2. Which food item interferes with the effectiveness of warfarin?
- A. Cauliflower
- B. Zucchini
- C. Green beans
- D. Broccoli
Correct answer: D
Rationale: Broccoli is high in vitamin K, which can affect the effectiveness of warfarin. Warfarin is an anticoagulant medication that functions by reducing the activity of vitamin K in the body. When one consumes broccoli, which is rich in vitamin K, it could counteract the anticoagulant effect of warfarin, thereby interfering with its effectiveness. On the other hand, cauliflower, zucchini, and green beans do not have significant levels of vitamin K and hence, are not known to impact the effectiveness of warfarin.
3. What is the most effective way to limit the number of microorganisms in the hospital?

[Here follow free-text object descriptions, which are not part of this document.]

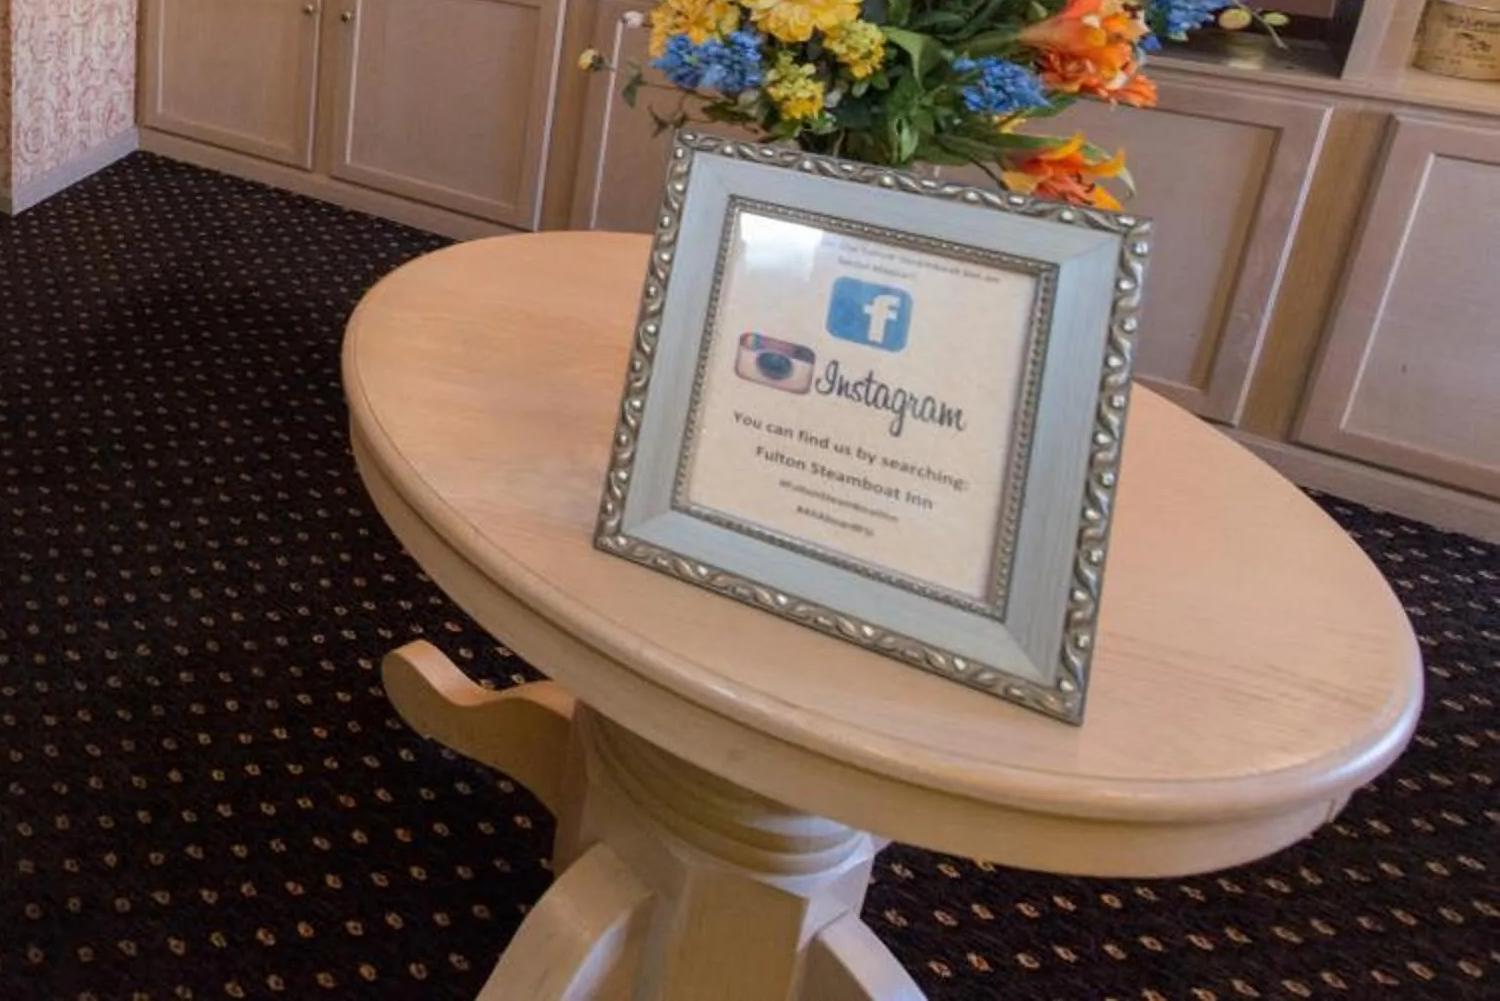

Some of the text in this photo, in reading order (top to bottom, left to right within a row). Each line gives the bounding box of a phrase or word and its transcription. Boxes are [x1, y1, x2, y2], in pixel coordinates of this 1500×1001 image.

[815, 360, 966, 437] Instagram
[733, 412, 762, 432] You
[766, 422, 793, 440] can
[798, 427, 830, 450] find
[833, 443, 852, 457] us
[856, 447, 877, 467] by
[755, 445, 934, 510] Fulton Steamboat Inn

- A. Using strict aseptic technique in all procedures
- B. Wearing a mask and gown when caring for all patients with communicable diseases
- C. Sterilizing all instruments
- D. Handwashing
Correct answer: A
Rationale: The most effective way to limit the number of microorganisms in the hospital is by using strict aseptic technique in all procedures. This approach ensures that the risk of introducing harmful microorganisms into the hospital environment or patients is minimized. Choice B, wearing a mask and gown when caring for patients with communicable diseases, is important but not as comprehensive as using aseptic technique in all procedures. Sterilizing all instruments (Choice C) is crucial for preventing infections but may not address all avenues of microorganism transmission. Handwashing (Choice D) is a fundamental practice in infection control but alone may not be as effective as utilizing aseptic techniques in all procedures to limit microorganisms in the hospital.

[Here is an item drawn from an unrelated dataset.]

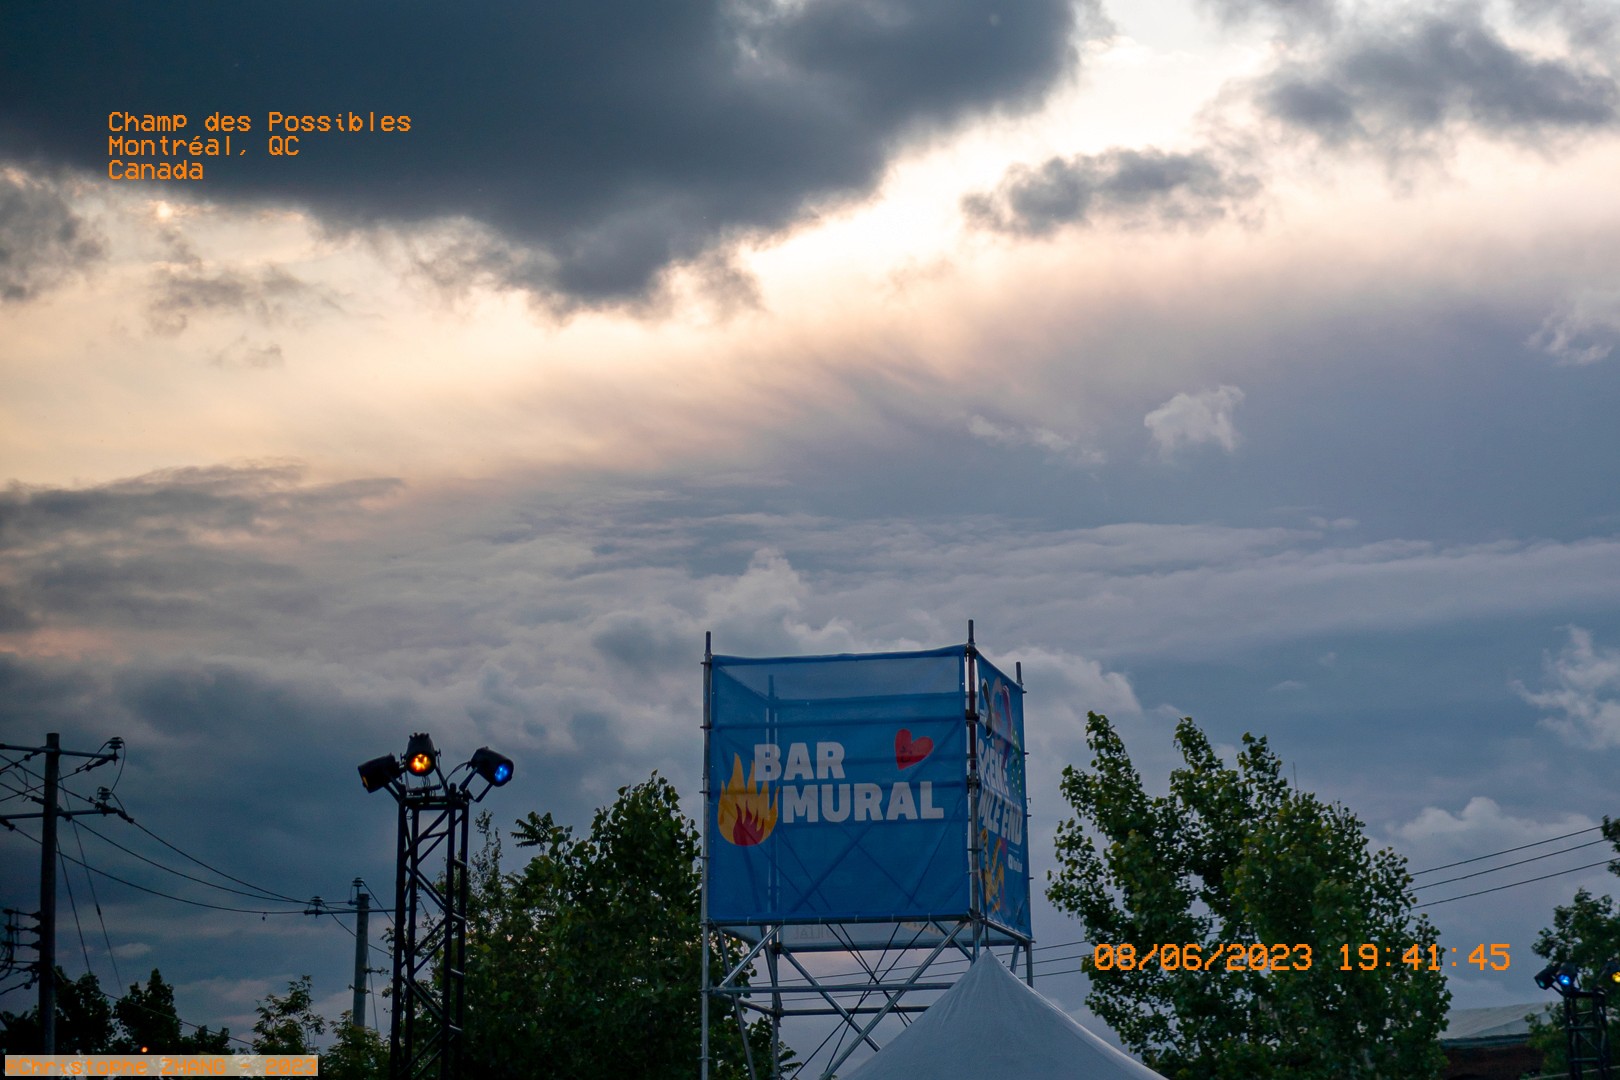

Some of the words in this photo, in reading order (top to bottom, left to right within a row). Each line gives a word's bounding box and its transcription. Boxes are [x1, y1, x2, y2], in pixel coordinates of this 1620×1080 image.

4. Which test is used to monitor the degree of blood glucose control over a long period?
- A. Glucose tolerance test
- B. Glycated hemoglobin level
- C. Self-monitoring of blood glucose
- D. 24-hour urinary glucose excretion
Correct answer: B
Rationale: The correct answer is B, glycated hemoglobin level. The glycated hemoglobin (HbA1c) test measures the average blood glucose levels over the past 2-3 months, providing a long-term picture of glucose control. Choice A, the glucose tolerance test, measures how well your body processes glucose but is not specifically for long-term monitoring. Choice C, self-monitoring of blood glucose, involves daily testing by individuals, providing immediate rather than long-term information. Choice D, 24-hour urinary glucose excretion, measures the amount of glucose excreted in the urine over 24 hours and is not typically used for long-term monitoring of blood glucose control.

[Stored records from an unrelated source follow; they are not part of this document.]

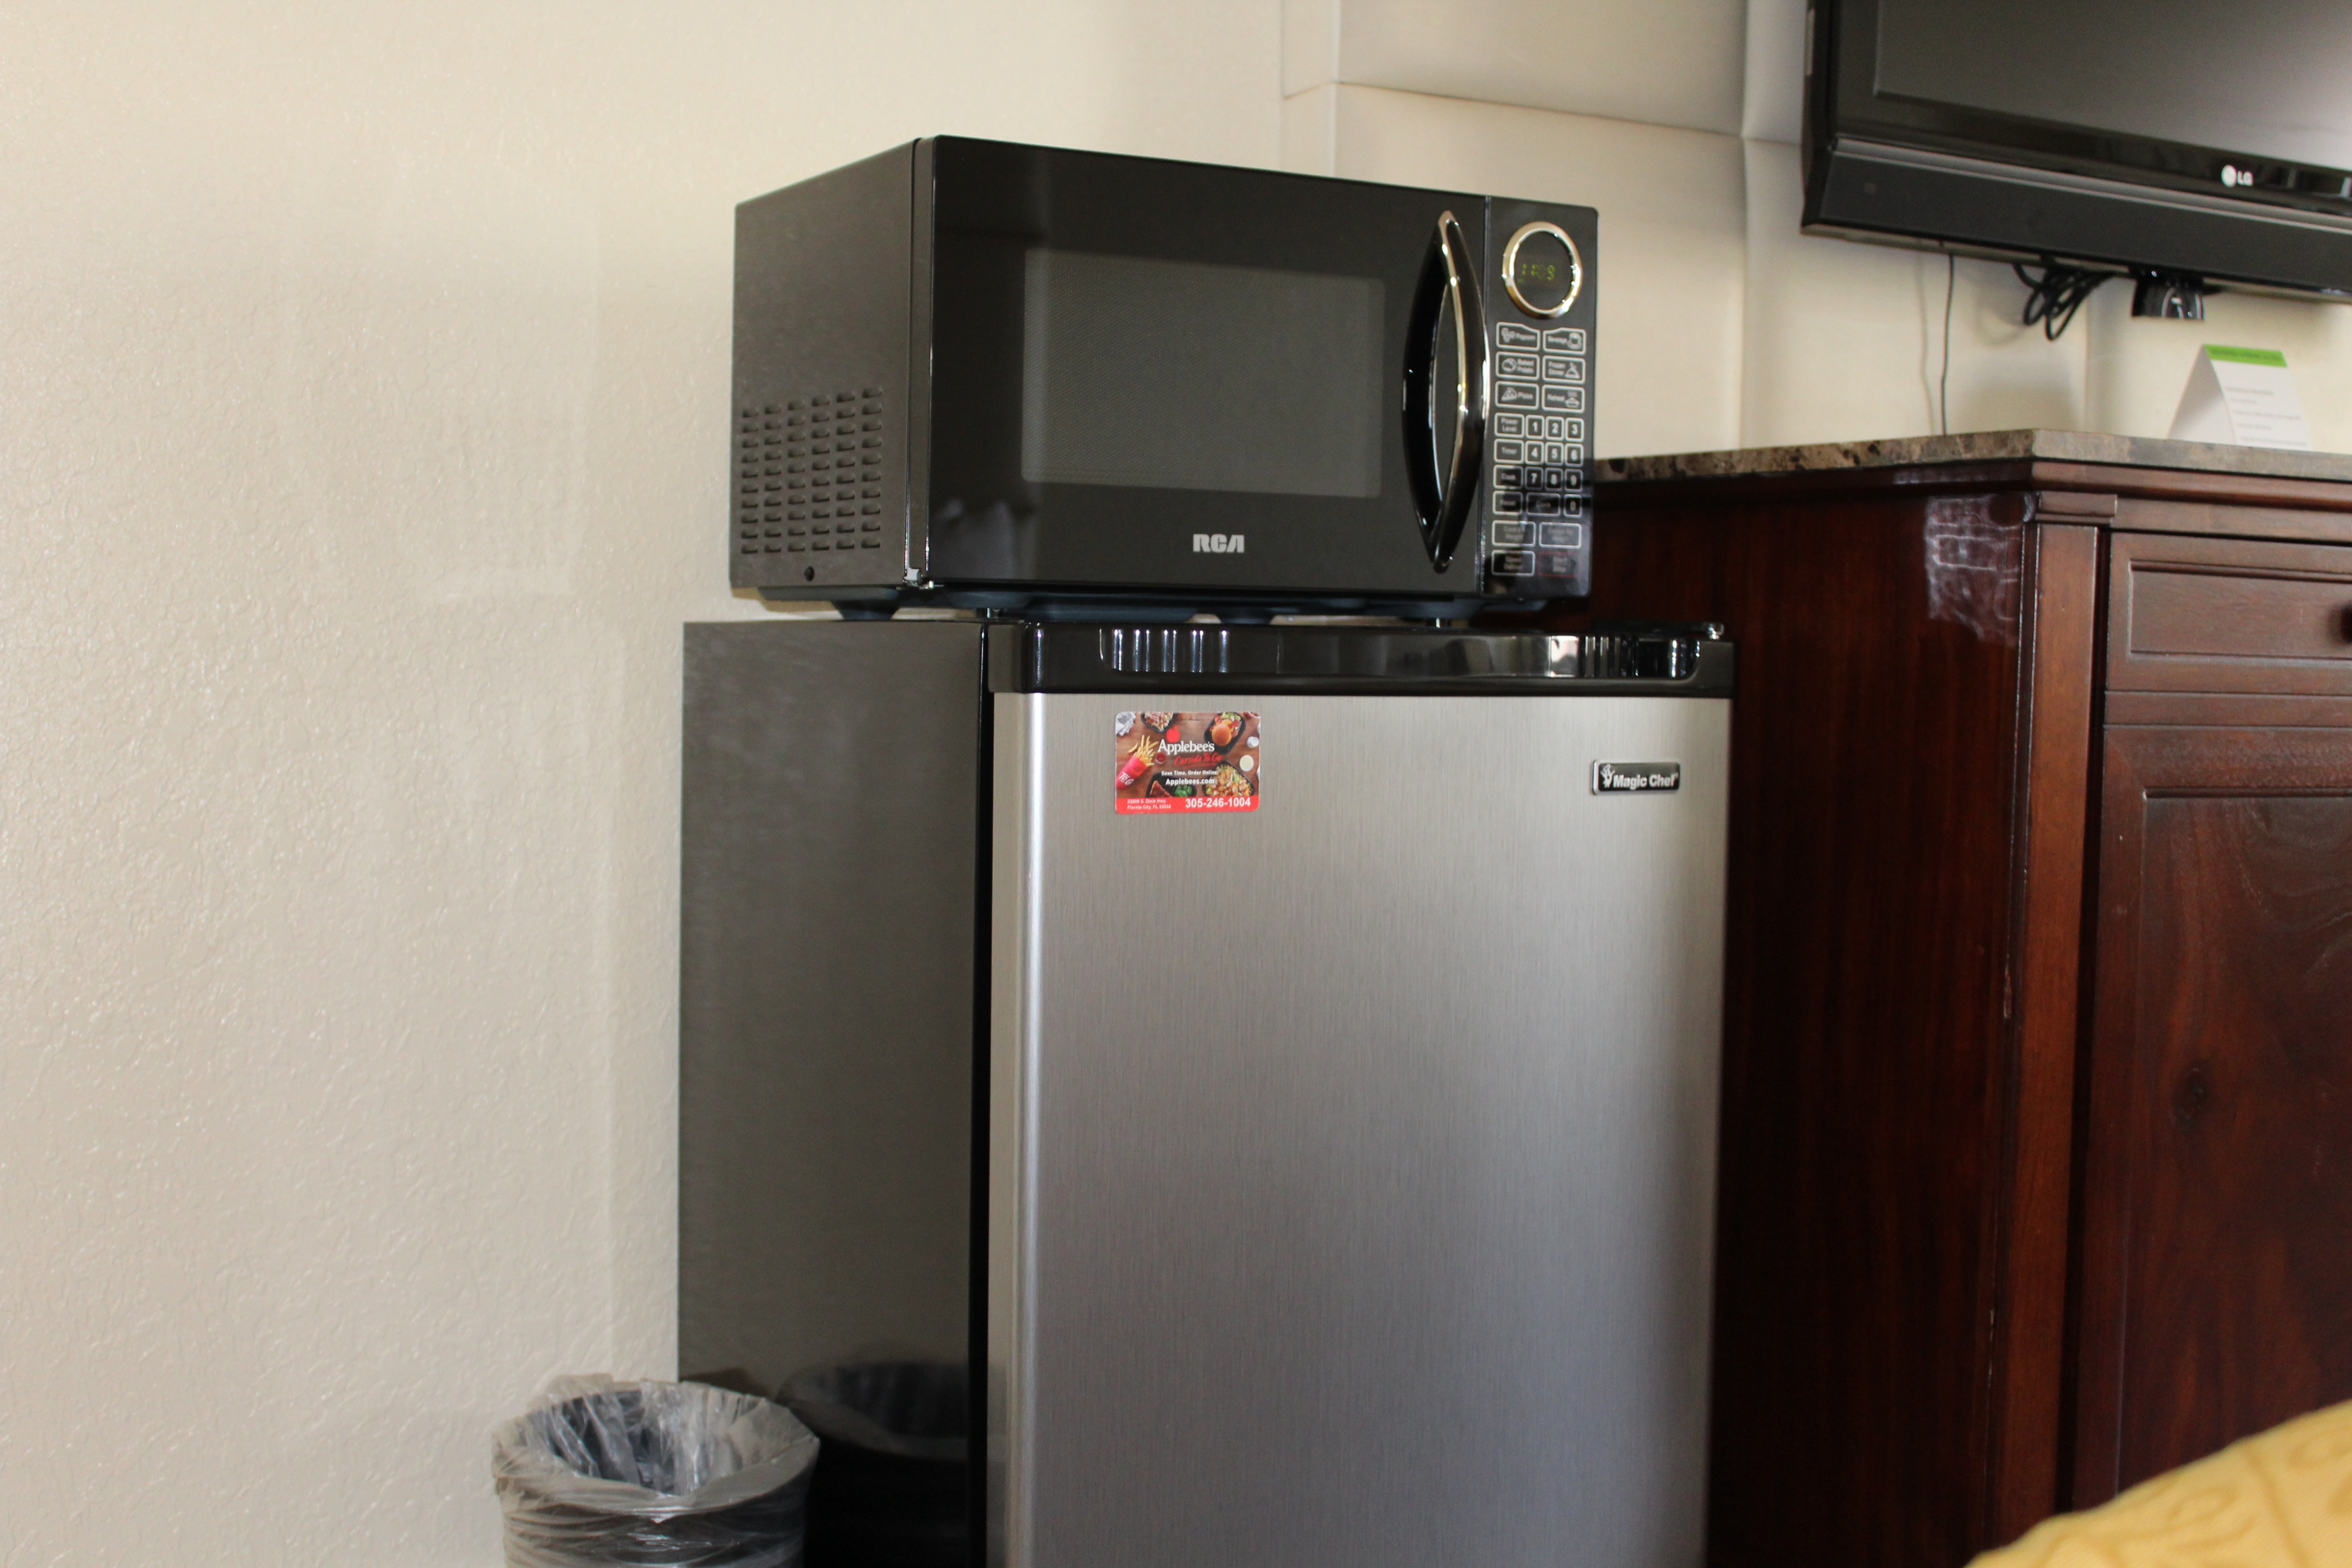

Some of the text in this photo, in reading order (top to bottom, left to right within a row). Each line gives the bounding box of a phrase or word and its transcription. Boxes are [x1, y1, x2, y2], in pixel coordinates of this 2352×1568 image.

[2238, 171, 2254, 186] LG
[1532, 421, 1538, 431] 1
[1551, 422, 1559, 434] 2
[1571, 424, 1578, 435] 3
[1531, 447, 1538, 458] 4
[1551, 448, 1558, 459] 5
[1571, 449, 1578, 461] 6
[1531, 473, 1538, 484] 7
[1550, 474, 1558, 485] 8
[1570, 475, 1578, 486] 9
[1570, 500, 1577, 511] 0
[1193, 534, 1245, 553] RCA
[1157, 739, 1215, 755] Applebee's
[1203, 753, 1211, 762] To
[1211, 752, 1223, 762] Go
[1165, 778, 1215, 786] Applebees.com
[1613, 772, 1678, 790] Magic Chef
[1185, 797, 1251, 808] 305-246-1004

5. What nursing diagnosis would be most appropriate for a patient with heart failure?
- A. risk for infection
- B. fluid volume excess
- C. impaired body temperature
- D. ineffective airway clearance
Correct answer: B
Rationale: The most appropriate nursing diagnosis for a patient with heart failure is 'fluid volume excess.' In heart failure, the heart's reduced pumping ability leads to fluid retention, causing an excess of fluid in the body. This can result in symptoms such as edema, shortness of breath, and weight gain. 'Risk for infection,' 'impaired body temperature,' and 'ineffective airway clearance' are not the most appropriate nursing diagnoses for a patient with heart failure as they do not directly relate to the pathophysiology and common issues seen in heart failure patients.